OECD wades into clinical trials debate, but statement on public involvement goes awol

The Organisation for Economic Co-operation and Development (OECD) yesterday waded into the increasingly feverish debate about the regulation of clinical trials with a strongly worded recommendation calling on its members to harmonise approval processes.  The recommendation which is worded with the minimum of fuss, is backed by a more detailed explanatory memorandum.

But I am disappointed that the specific recommendation on public involvement from the OECD Global Forum on clinical trials  in October 2011 has not been carried through to inclusion in the documents issued yesterday.  As far as I can see anyway. The Forum had stated the following:

C.3 Increase patient involvement in clinical-trial processes
More direct involvement of patients in the design and monitoring of clinical trials – as well as
their contribution to improve the quality, safety and relevance of clinical research – is of
critical significance for the success and impact of clinical science as a whole.
The roles of patients in clinical trials should be strengthened by means of:
 Mandatory participation of a representative of patients’ opinion in ethics committees
(as such, they would be involved in the decision regarding future risk categories of
clinical trials).
 Consultative and participative role in the planning, design, conduct, dissemination
and implementation of results from clinical science, in part mediated through the
activities of the global networks as well as their regional and local network members
and through other relevant channels.
 Simplified informed-consent documents, containing the vital information for decision
making, using shorter and pedagogically sound explanations.
 Accessible information, for patients, families and the general public. This should
include educational websites, ad hoc documents and open dialogue sessions with
clinical staff at the hospital/clinical unit level, and transparent access to clinical
registers and information databases about planned, ongoing and completed clinical
trials by regulatory authorities.

I’ll do a bit of follow-up and report back!

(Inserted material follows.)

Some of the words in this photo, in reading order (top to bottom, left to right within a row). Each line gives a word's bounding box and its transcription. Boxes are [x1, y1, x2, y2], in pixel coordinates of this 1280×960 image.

2 thoughts on “OECD wades into clinical trials debate, but statement on public involvement goes awol

  1. Dear Sir,

    Many thanks for reporting on the recent Recommendation issued by the OECD on the goverance of clinical trials. This text stems from a very active debate among all the stakeholders involved in clinical trials, and should particularly help international collaboration among academic groups which often are prevented to conduct critical studies due to the existing complexity and diversity of administrative requirements.

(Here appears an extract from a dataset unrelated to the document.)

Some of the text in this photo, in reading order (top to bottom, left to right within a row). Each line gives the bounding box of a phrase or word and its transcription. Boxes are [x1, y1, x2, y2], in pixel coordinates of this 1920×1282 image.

    You rightly insist on the need to inprove patients’ involvement in clinical trials processes. Because this OECD Recommendation was focused on regulatory procedures, the issue of patient’s role could not be included in much details, although you will notice that it calls for a detailed and individualised risk assessment that should take into account the risks related to patient rights.

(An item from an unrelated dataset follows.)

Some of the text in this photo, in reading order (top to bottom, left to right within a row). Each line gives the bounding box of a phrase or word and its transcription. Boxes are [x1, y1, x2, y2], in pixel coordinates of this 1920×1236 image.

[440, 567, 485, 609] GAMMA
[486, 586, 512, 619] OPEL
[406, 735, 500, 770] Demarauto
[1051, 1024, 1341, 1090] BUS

    Regarding the earlier and broader recommendation on patients’involvement you refer to, which was described in the first report of the Global Science Forum (http://www.oecd.org/sti/sci-tech/49344626.pdf), I am happy to inform you that this topic has not been forgotten. It is now one of the main issues included into a potential follow on activity driven by the World Health Organisation. Indeed, following this activity, we felt at OECD that the WHO might be more efficient to adress this topic, considering their previous experience in this area. A potential new activity which would adress both the need for better training, the development of accreditation systems standards and guidelines for better patients’ involvement was therfore discussed with WHO, which agreed to take the lead on this project. It is now looking for funding sources to get started, and we are confident it will deliver very useful and concrete results in the near future.